Nato a Caprarola dove tutt’ora vive, del suo paese d’origine ha un rapporto di odio e amore. “È un paese strano il nostro, un luogo che, trovandosi tagliato un po’ fuori dalle principali vie di comunicazione, ha conservato dialetto, tradizioni e, oserei dire, valori, più a lungo di altri paesi che, al contrario, hanno subìto una forma di “romanizzazione” loro malgrado, perdendo in maniera irrecuperabile molta di quella  ricchezza legata alla propria cultura. Forse anche per questo, ancora oggi, nell’era di internet e quindi dell’annullamento di tutte le distanze, Caprarola stenta a decollare turisticamente, malgrado sia ricca di beni culturali ed ambientali da fare invidia a molti, è come se ci fosse una, non esplicita, ma tenace forma di orgoglio che rende la maggior parte dei cittadini impermeabili ad una contaminazione esterna, contribuendo a lasciarli, in qualche modo, isolati. Soltanto la musica ed il teatro sono riusciti a stabilire, nel corso degli anni, dei contatti con realtà diverse da quelle locali e, anche per questo, si sono moltiplicate e modificate nel tempo”. 

Ed è proprio sul dialetto e in generale sul teatro popolare che la Compagnia si fonda, per non perdere le tradizioni, la cultura e soprattutto per far sì che una lingua non venga dimenticata. “Più che il dialetto in se stesso, a me interessa il teatro popolare, che è fatto “anche” in dialetto. Indubbiamente, il dialetto mi appassiona, ma, probabilmente, più per la sua dirompente forza espressiva che per un fatto di ricerca linguistica.
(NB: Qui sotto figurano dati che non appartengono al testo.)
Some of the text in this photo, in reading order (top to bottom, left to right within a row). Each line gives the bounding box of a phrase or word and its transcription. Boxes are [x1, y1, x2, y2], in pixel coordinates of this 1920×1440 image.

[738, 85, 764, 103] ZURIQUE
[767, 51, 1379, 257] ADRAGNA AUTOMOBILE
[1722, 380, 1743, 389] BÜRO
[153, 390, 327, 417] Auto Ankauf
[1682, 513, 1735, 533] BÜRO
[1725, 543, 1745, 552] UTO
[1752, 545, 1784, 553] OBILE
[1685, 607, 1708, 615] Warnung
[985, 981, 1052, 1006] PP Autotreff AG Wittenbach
Poi è ovvio che per ottenere la prima cosa, devi per forza lavorare sulla seconda. Durante i primi anni della mia militanza nella Compagnia, in piena epoca democristiana, ricordo che in paese eravamo attaccati da più fronti, da una parte c’era il parroco che, durante le prediche domenicali, ci accusava di portare in scena testi offensivi alla morale, come ad esempio “Come si gnente fusse”, testo bellissimo di Ottavio Sabatucci, che affrontava la problematica dell’aborto clandestino e dell’ipocrisia che lo circondava, e dall’altra, le molte persone che per strada ci insultavano, accusandoci di ridicolizzare, attraverso l’uso stretto del dialetto, la società caprolatta agli occhi degli altri paesi in cui andavamo a fare gli spettacoli. Ovviamente non ci siamo fatti influenzare né dal prete, né dalla gente e abbiamo continuato a fare il nostro teatro che era sì, dialettale, ma prima ancora “popolare”, perché, troppo facilmente i due termini vengono confusi fra loro. Se una compagnia recita in dialetto, non è detto che faccia teatro popolare, ma di sicuro, contribuisce a far sì che una lingua non venga dimenticata”. 
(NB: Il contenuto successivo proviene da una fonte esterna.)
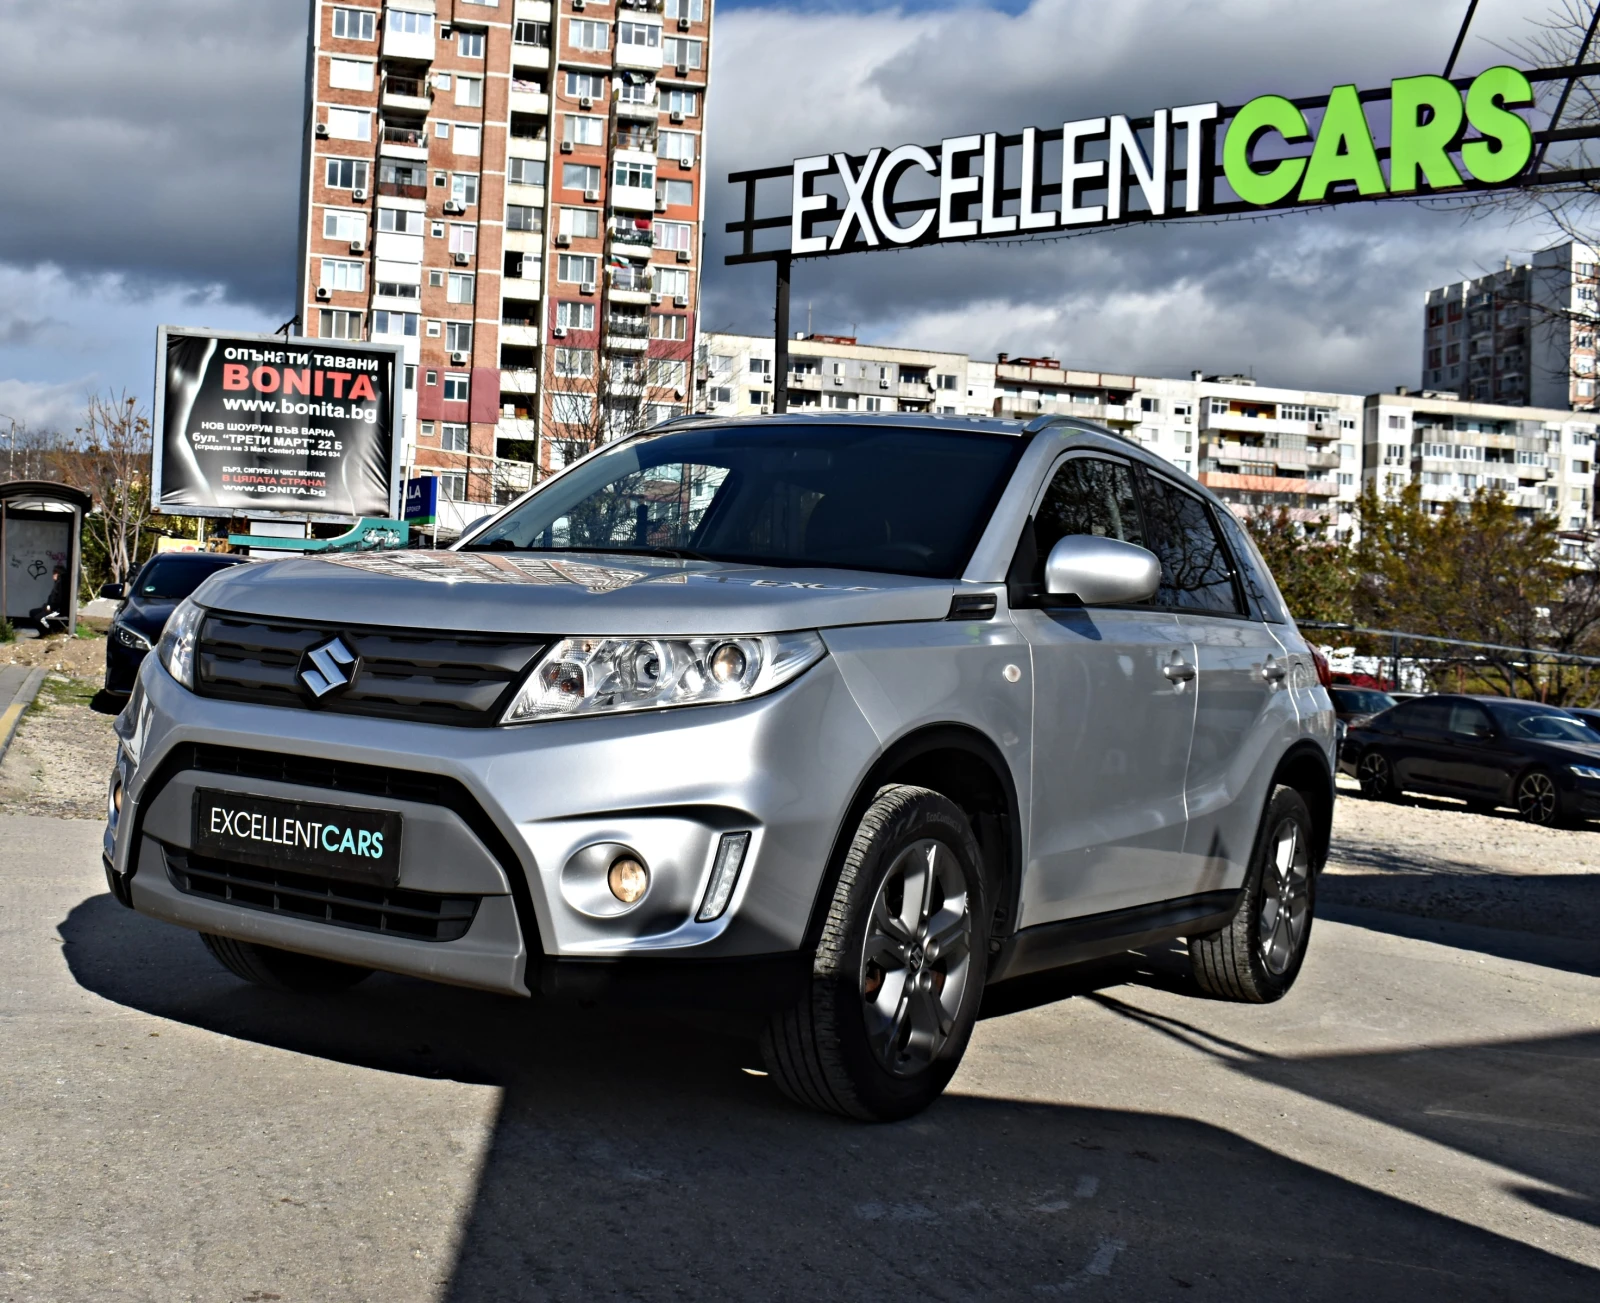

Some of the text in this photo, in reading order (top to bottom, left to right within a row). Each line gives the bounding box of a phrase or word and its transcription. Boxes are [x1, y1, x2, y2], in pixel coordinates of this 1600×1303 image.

[224, 347, 379, 371] опънати тавани
[223, 398, 377, 424] www.bonita.bg
[201, 421, 336, 437] НОВ ШОУРУМ ВЪВ ВАРНА
[192, 432, 219, 443] бул.
[317, 439, 332, 450] 22
[334, 441, 343, 450] Б
[222, 474, 326, 487] В ЦЯЛАТА СТРАНА!
[222, 484, 326, 497] www.BONITA.bg
Tutti gli spettacoli realizzata dalla Compagnia sono appunto in dialetto caprolatto, caratteristica che le ha permesso di farsi conoscere e avere successo anche fuori dalla Tuscia. “Negli anni abbiamo avuto modo di rappresentare i nostri spettacoli anche fuori regione, ad esempio in Toscana, dove abbiamo riscontrato somiglianze con il nostro dialetto, oppure in varie città della Calabria e ancora a Roma, al Teatro Il Labirinto e al Teatro Parioli. Negli anni ottanta abbiamo realizzato tre radiodrammi RAI, quindi registrazioni effettuate sia presso la sede RAI di Roma che quella di Torino. Tutti i nostri spettacoli sono sempre stati in dialetto, da quando è nata la Compagnia ne sono stati portati in scena decine. I ricordi più belli li serbo per le commedie scritte da me negli ultimi quindici anni e fra queste, quella che più ricordo con particolare affetto è “Sodaccio” per vari motivi: primo perché credo di essere riuscito a portare in scena la “mia” idea di teatro popolare, secondo perché è legata fortemente al ricordo di uno di noi, un componente della Compagnia che faceva parte dello spettacolo e che, purtroppo, scomparve precocemente, per ultimo perché mia moglie mi ripete continuamente che è lo spettacolo più bello che abbia realizzato finora”.

Oltre al teatro dialettale, le esperienze recitative di Romolo hanno toccato vari campi, radio, cinema, fiction, teatro, incursioni nel mondo del professionismo che gli hanno dato l’occasione di lavorare con personaggi che, mano a mano, hanno inevitabilmente arricchito la sua formazione teatrale. Come Umberto Marino, regista, sceneggiatore e drammaturgo che gli ha insegnato tantissimo. Naturalmente, quando si è trovato a dirigere la Compagnia, tutte queste esperienze, ci si sono riversate dentro, dando inevitabilmente una svolta al modus operandi che l’aveva caratterizzata nei suoi primi anni di vita. “La Compagnia con il passare degli anni ha cambiato fortemente la sua connotazione iniziale. Prima la struttura drammaturgica ruotava intorno a tre o quattro attori, che essendo i più caratteristici, erano diventati le indiscusse primedonne. Tutti gli altri ruotavano intorno, entravano, uscivano, ne sono passati talmente tanti che è ormai difficile anche enumerarli e a volte, ricordarli. Poi le cose sono cambiate, con il passare degli anni, come è naturale che sia. Dalla Compagnia storica sono via via uscite persone che sentivano l’esigenza di creare una propria realtà teatrale, con finalità completamente diverse da quelle di partenza. A quel punto, con la perdita dei soliti protagonisti, sembrò che la Compagnia fosse arrivata alla propria fine, che non potesse farcela, invece, al contrario, si trasformò in un nuovo inizio, si delineò una realtà in cui scomparve completamente la figura della primadonna, per dare spazio a giovani che fino ad allora avevano soltanto ricoperto piccoli ruoli marginali. Erano molte le persone con la voglia di imparare cose nuove e quindi, da un’intensa attività laboratoriale, sono nati nuovi attori, uniti fortemente fra di loro, con una voglia di crescere e fare gruppo mai vista fino ad allora. Quindi posso dire, senza ombra di dubbio, che il valore fondante che è prevalso e che è diventato la spina dorsale del gruppo non è la passione per la recitazione, ma è l’amicizia”.

Si è appena conclusa con grande successo l’edizione 2016 del Festival Di Voci e Di Suoni, “Ci siamo dedicati, anima e corpo, all’organizzazione del nostro Festival di musica e teatro popolare, giunto alla nona edizione che ha portato a Caprarola ospiti sempre più importanti. Nel frattempo sto finendo di scrivere il mio nuovo testo, cominceremo le prove in autunno per essere pronto l’anno prossimo”.